### Data

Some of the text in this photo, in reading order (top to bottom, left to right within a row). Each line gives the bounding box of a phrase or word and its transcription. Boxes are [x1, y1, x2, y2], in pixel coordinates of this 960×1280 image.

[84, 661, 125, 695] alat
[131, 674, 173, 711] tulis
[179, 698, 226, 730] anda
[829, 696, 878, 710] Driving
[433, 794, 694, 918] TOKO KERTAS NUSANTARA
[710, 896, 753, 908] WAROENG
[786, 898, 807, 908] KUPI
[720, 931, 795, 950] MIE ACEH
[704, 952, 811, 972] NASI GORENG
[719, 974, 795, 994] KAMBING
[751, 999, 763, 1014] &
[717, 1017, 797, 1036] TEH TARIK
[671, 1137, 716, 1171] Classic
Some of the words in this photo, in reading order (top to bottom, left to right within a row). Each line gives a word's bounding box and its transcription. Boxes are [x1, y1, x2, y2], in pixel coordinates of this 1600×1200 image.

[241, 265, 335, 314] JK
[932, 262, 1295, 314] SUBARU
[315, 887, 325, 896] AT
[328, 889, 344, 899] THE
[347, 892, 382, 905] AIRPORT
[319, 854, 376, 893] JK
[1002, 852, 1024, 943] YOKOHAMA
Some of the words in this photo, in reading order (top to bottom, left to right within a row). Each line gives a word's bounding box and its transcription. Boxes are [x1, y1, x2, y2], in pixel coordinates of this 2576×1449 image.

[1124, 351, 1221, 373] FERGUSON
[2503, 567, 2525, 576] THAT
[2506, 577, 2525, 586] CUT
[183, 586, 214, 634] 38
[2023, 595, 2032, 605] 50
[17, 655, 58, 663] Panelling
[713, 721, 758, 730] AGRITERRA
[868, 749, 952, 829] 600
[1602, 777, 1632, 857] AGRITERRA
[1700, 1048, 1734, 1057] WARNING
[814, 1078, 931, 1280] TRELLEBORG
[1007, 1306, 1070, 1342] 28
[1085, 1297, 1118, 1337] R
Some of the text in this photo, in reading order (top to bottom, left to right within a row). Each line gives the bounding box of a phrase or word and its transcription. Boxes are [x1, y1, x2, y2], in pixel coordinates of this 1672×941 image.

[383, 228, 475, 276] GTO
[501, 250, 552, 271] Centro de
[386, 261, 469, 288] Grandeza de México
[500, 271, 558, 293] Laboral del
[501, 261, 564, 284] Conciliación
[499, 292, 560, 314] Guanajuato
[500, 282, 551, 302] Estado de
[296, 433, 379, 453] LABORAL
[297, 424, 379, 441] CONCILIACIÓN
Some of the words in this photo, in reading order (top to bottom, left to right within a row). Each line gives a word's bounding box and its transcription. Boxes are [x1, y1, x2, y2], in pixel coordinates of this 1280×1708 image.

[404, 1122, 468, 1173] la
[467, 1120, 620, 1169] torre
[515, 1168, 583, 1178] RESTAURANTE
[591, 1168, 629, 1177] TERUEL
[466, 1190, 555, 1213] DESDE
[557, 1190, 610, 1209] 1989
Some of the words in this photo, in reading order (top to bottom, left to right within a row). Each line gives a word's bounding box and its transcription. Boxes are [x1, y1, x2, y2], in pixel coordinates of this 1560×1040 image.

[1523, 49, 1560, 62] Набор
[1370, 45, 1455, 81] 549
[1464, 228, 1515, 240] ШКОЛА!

### What the exercise asks
The full set of records should be duplicated exactly.

### Answer box
Some of the text in this photo, in reading order (top to bottom, left to right within a row). Each line gives the bounding box of a phrase or word and its transcription. Boxes are [x1, y1, x2, y2], in pixel coordinates of this 960×1280 image.

[84, 661, 125, 695] alat
[131, 674, 173, 711] tulis
[179, 698, 226, 730] anda
[829, 696, 878, 710] Driving
[433, 794, 694, 918] TOKO KERTAS NUSANTARA
[710, 896, 753, 908] WAROENG
[786, 898, 807, 908] KUPI
[720, 931, 795, 950] MIE ACEH
[704, 952, 811, 972] NASI GORENG
[719, 974, 795, 994] KAMBING
[751, 999, 763, 1014] &
[717, 1017, 797, 1036] TEH TARIK
[671, 1137, 716, 1171] Classic
Some of the words in this photo, in reading order (top to bottom, left to right within a row). Each line gives a word's bounding box and its transcription. Boxes are [x1, y1, x2, y2], in pixel coordinates of this 1600×1200 image.

[241, 265, 335, 314] JK
[932, 262, 1295, 314] SUBARU
[315, 887, 325, 896] AT
[328, 889, 344, 899] THE
[347, 892, 382, 905] AIRPORT
[319, 854, 376, 893] JK
[1002, 852, 1024, 943] YOKOHAMA
Some of the words in this photo, in reading order (top to bottom, left to right within a row). Each line gives a word's bounding box and its transcription. Boxes are [x1, y1, x2, y2], in pixel coordinates of this 2576×1449 image.

[1124, 351, 1221, 373] FERGUSON
[2503, 567, 2525, 576] THAT
[2506, 577, 2525, 586] CUT
[183, 586, 214, 634] 38
[2023, 595, 2032, 605] 50
[17, 655, 58, 663] Panelling
[713, 721, 758, 730] AGRITERRA
[868, 749, 952, 829] 600
[1602, 777, 1632, 857] AGRITERRA
[1700, 1048, 1734, 1057] WARNING
[814, 1078, 931, 1280] TRELLEBORG
[1007, 1306, 1070, 1342] 28
[1085, 1297, 1118, 1337] R
Some of the text in this photo, in reading order (top to bottom, left to right within a row). Each line gives the bounding box of a phrase or word and its transcription. Boxes are [x1, y1, x2, y2], in pixel coordinates of this 1672×941 image.

[383, 228, 475, 276] GTO
[501, 250, 552, 271] Centro de
[386, 261, 469, 288] Grandeza de México
[500, 271, 558, 293] Laboral del
[501, 261, 564, 284] Conciliación
[499, 292, 560, 314] Guanajuato
[500, 282, 551, 302] Estado de
[296, 433, 379, 453] LABORAL
[297, 424, 379, 441] CONCILIACIÓN
Some of the words in this photo, in reading order (top to bottom, left to right within a row). Each line gives a word's bounding box and its transcription. Boxes are [x1, y1, x2, y2], in pixel coordinates of this 1280×1708 image.

[404, 1122, 468, 1173] la
[467, 1120, 620, 1169] torre
[515, 1168, 583, 1178] RESTAURANTE
[591, 1168, 629, 1177] TERUEL
[466, 1190, 555, 1213] DESDE
[557, 1190, 610, 1209] 1989
Some of the words in this photo, in reading order (top to bottom, left to right within a row). Each line gives a word's bounding box and its transcription. Boxes are [x1, y1, x2, y2], in pixel coordinates of this 1560×1040 image.

[1523, 49, 1560, 62] Набор
[1370, 45, 1455, 81] 549
[1464, 228, 1515, 240] ШКОЛА!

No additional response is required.